◆ **Task**: Each record that follows is to be duplicated exactly, though its pictures are not.

◆ **Input records**:
▶

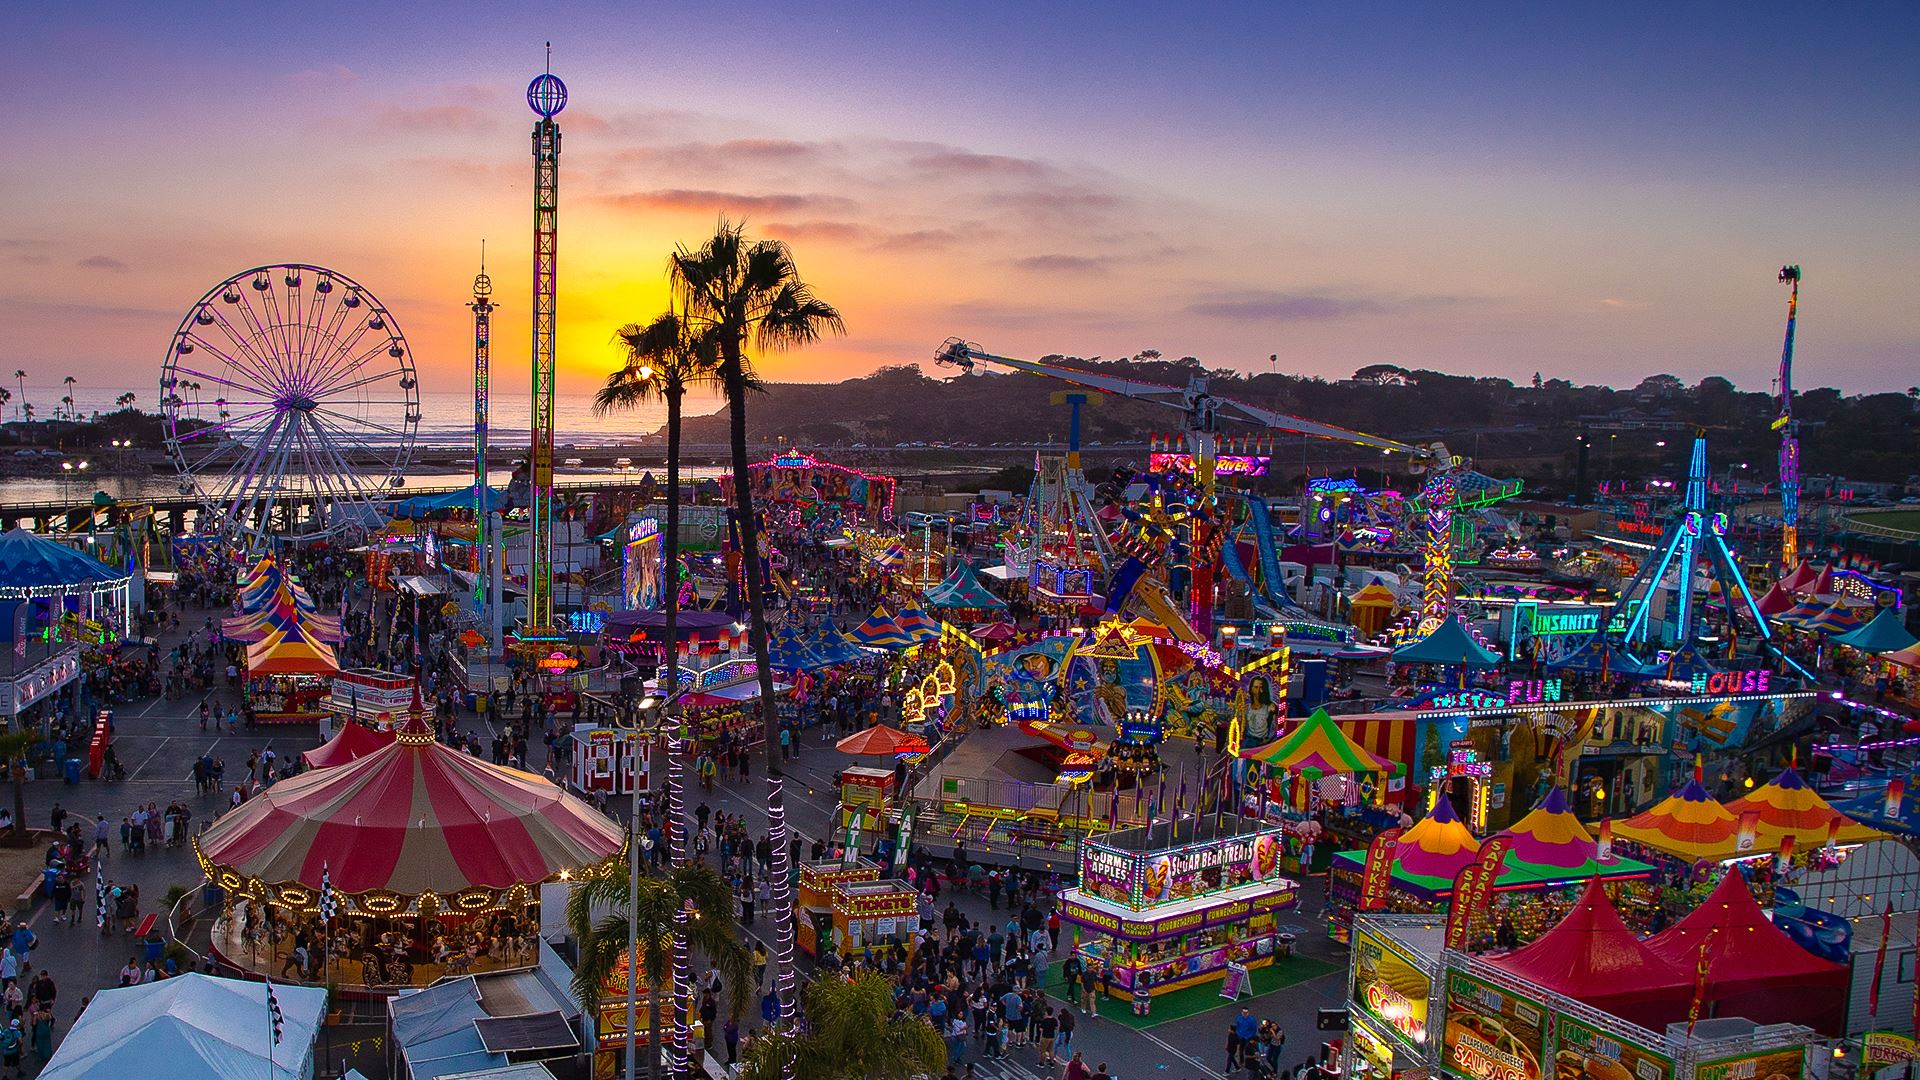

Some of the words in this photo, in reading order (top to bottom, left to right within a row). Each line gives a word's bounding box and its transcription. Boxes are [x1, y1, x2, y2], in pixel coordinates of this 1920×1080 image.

[777, 458, 811, 467] MAGNUM
[1215, 459, 1249, 472] RIVER
[1537, 614, 1599, 631] INSANITY
[1433, 693, 1505, 708] TWISTED
[1510, 679, 1562, 703] FUN
[1692, 670, 1772, 694] HOUSE
[844, 813, 861, 863] ATM
[895, 814, 912, 865] ATM
[1087, 848, 1134, 872] GOURMET
[1091, 861, 1128, 882] APPLES
[1171, 852, 1200, 877] SUGAR
[1201, 849, 1222, 868] BEAR
[1224, 843, 1252, 864] TREATS
[1364, 836, 1387, 908] TURKEY
[854, 896, 911, 912] TICKETS
[1208, 907, 1230, 920] FUNNEL
[1232, 902, 1249, 915] CAKES
[1449, 869, 1474, 948] SAUSAGE
[1067, 905, 1091, 921] CORN
[1093, 913, 1118, 930] DOGS
[1125, 928, 1151, 936] DRINKS
[1380, 981, 1412, 1013] ROASTED
[1451, 974, 1478, 999] FARM
[1480, 986, 1504, 1012] FAIR
[1561, 1020, 1593, 1050] FARM
[1595, 1034, 1621, 1063] FAIR
[1493, 1048, 1501, 1061] &
[1501, 1051, 1525, 1072] CHEESE
[1869, 1046, 1915, 1062] TURKEY
[1732, 1058, 1757, 1080] FAIR
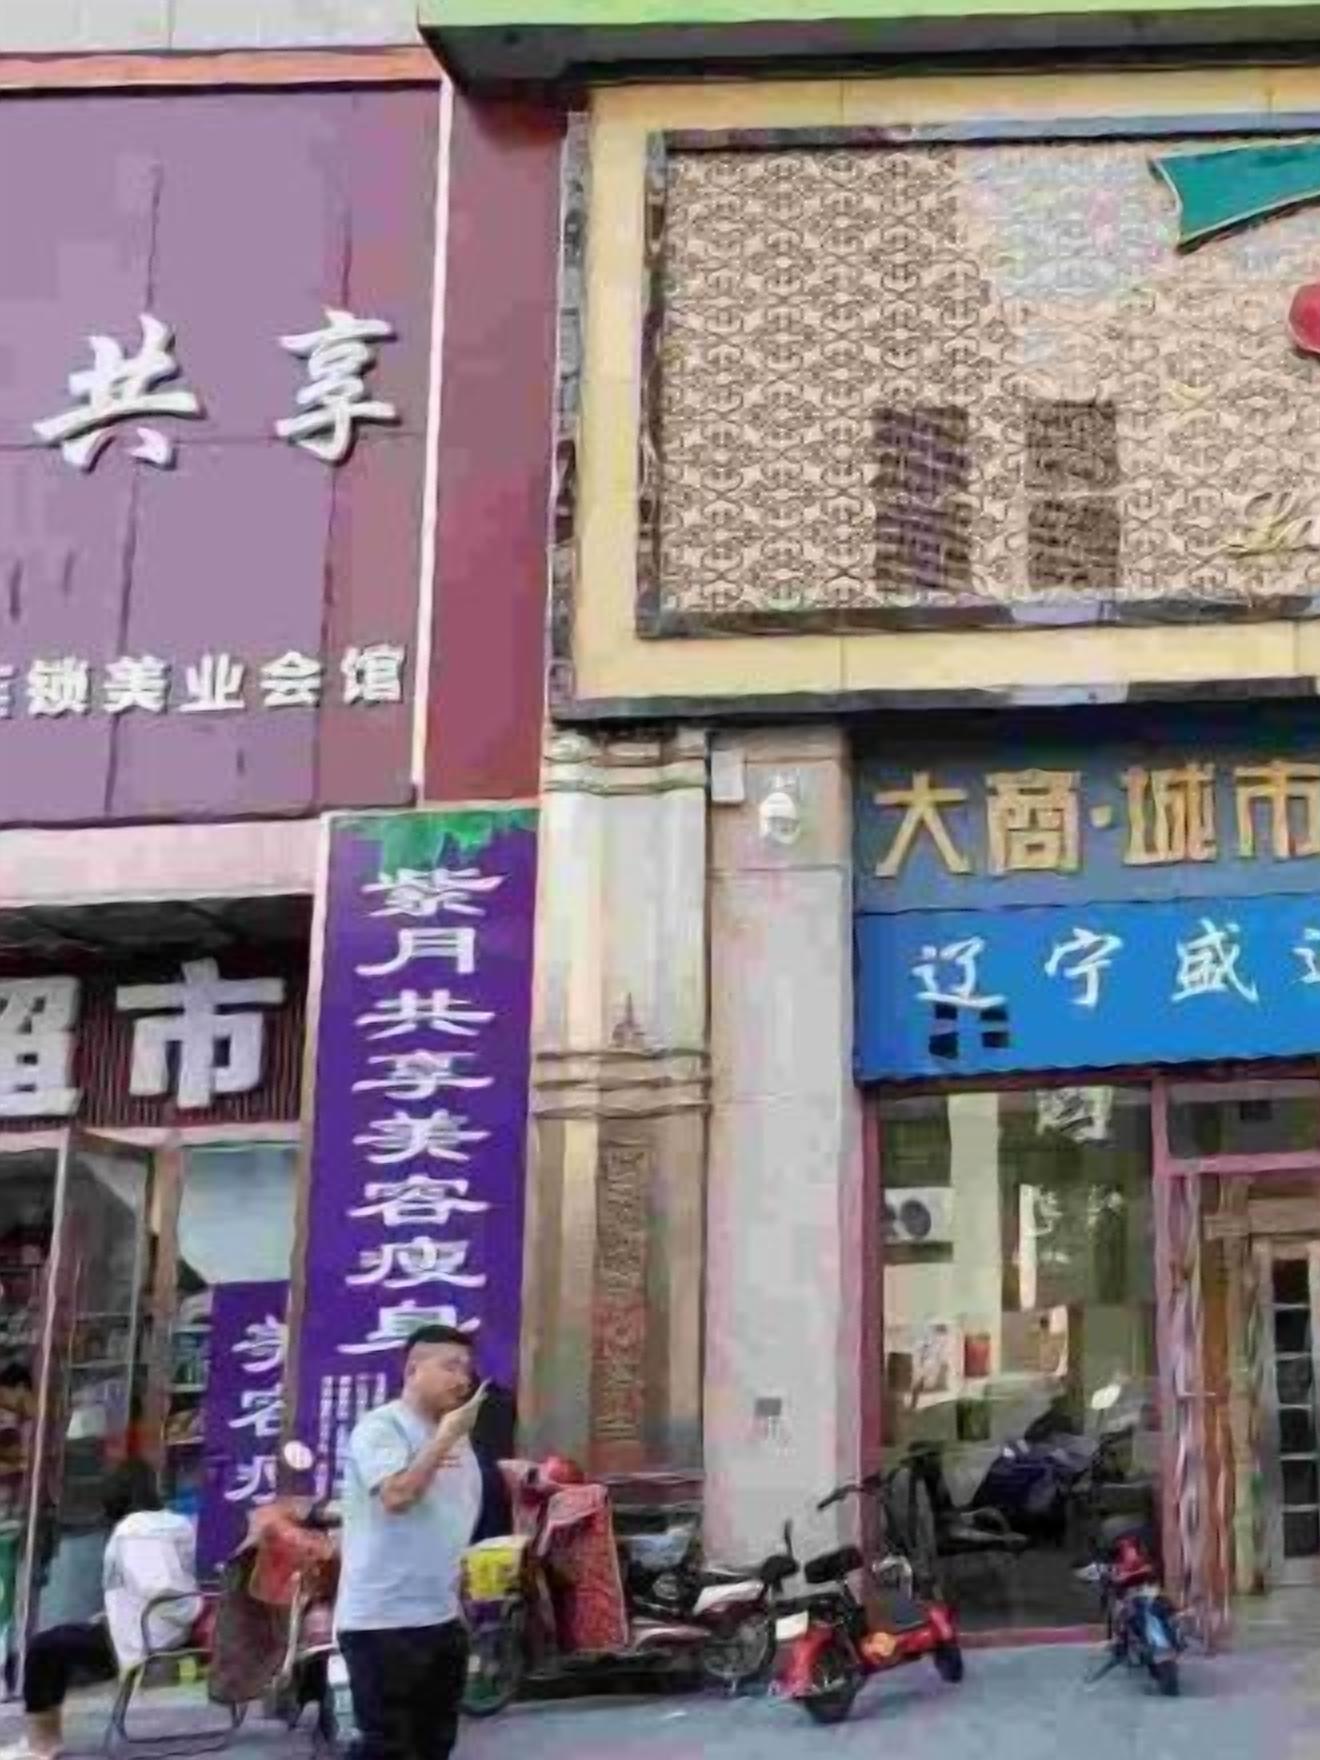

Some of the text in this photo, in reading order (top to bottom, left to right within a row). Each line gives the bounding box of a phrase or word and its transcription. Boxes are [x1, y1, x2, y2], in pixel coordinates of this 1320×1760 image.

[33, 306, 398, 470] 共享
[0, 644, 405, 716] 锁美业会馆
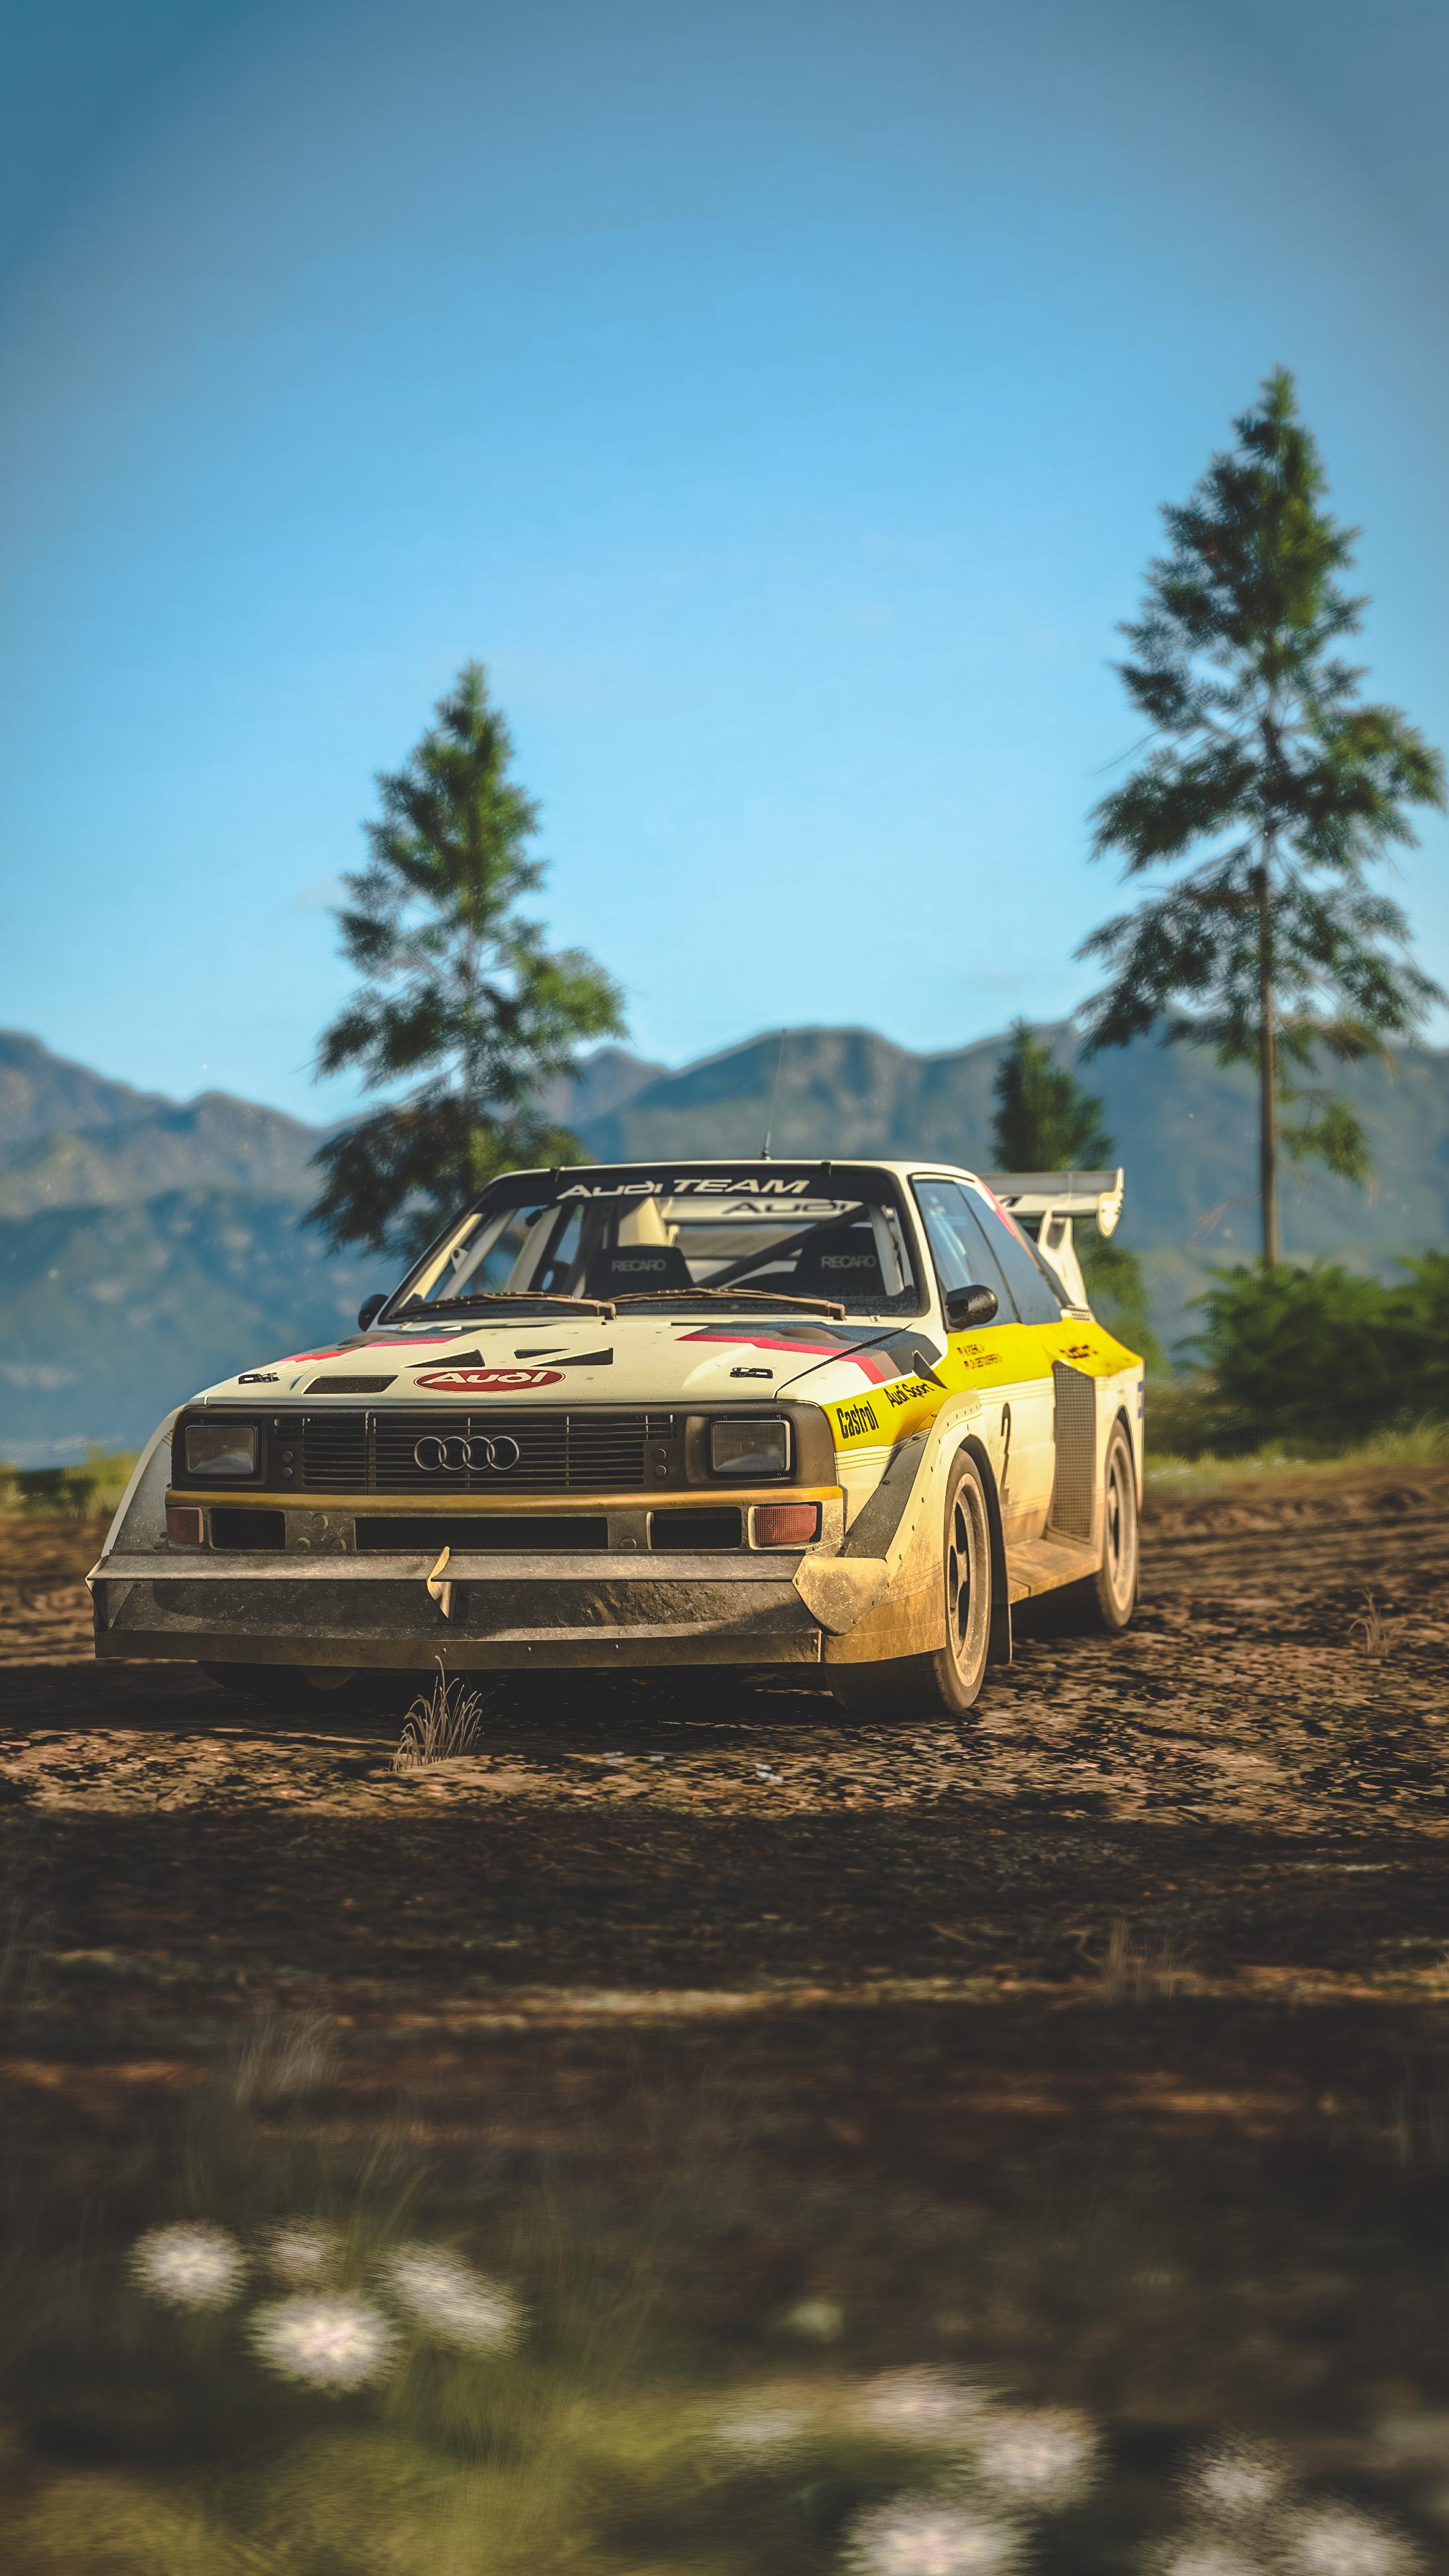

◀

◆ **Solution**:
Some of the words in this photo, in reading order (top to bottom, left to right within a row). Each line gives a word's bounding box and its transcription. Boxes are [x1, y1, x2, y2], in pixel coordinates of this 1920×1080 image.

[777, 458, 811, 467] MAGNUM
[1215, 459, 1249, 472] RIVER
[1537, 614, 1599, 631] INSANITY
[1433, 693, 1505, 708] TWISTED
[1510, 679, 1562, 703] FUN
[1692, 670, 1772, 694] HOUSE
[844, 813, 861, 863] ATM
[895, 814, 912, 865] ATM
[1087, 848, 1134, 872] GOURMET
[1091, 861, 1128, 882] APPLES
[1171, 852, 1200, 877] SUGAR
[1201, 849, 1222, 868] BEAR
[1224, 843, 1252, 864] TREATS
[1364, 836, 1387, 908] TURKEY
[854, 896, 911, 912] TICKETS
[1208, 907, 1230, 920] FUNNEL
[1232, 902, 1249, 915] CAKES
[1449, 869, 1474, 948] SAUSAGE
[1067, 905, 1091, 921] CORN
[1093, 913, 1118, 930] DOGS
[1125, 928, 1151, 936] DRINKS
[1380, 981, 1412, 1013] ROASTED
[1451, 974, 1478, 999] FARM
[1480, 986, 1504, 1012] FAIR
[1561, 1020, 1593, 1050] FARM
[1595, 1034, 1621, 1063] FAIR
[1493, 1048, 1501, 1061] &
[1501, 1051, 1525, 1072] CHEESE
[1869, 1046, 1915, 1062] TURKEY
[1732, 1058, 1757, 1080] FAIR

Some of the text in this photo, in reading order (top to bottom, left to right within a row). Each line gives the bounding box of a phrase or word and its transcription. Boxes are [x1, y1, x2, y2], in pixel coordinates of this 1320×1760 image.

[33, 306, 398, 470] 共享
[0, 644, 405, 716] 锁美业会馆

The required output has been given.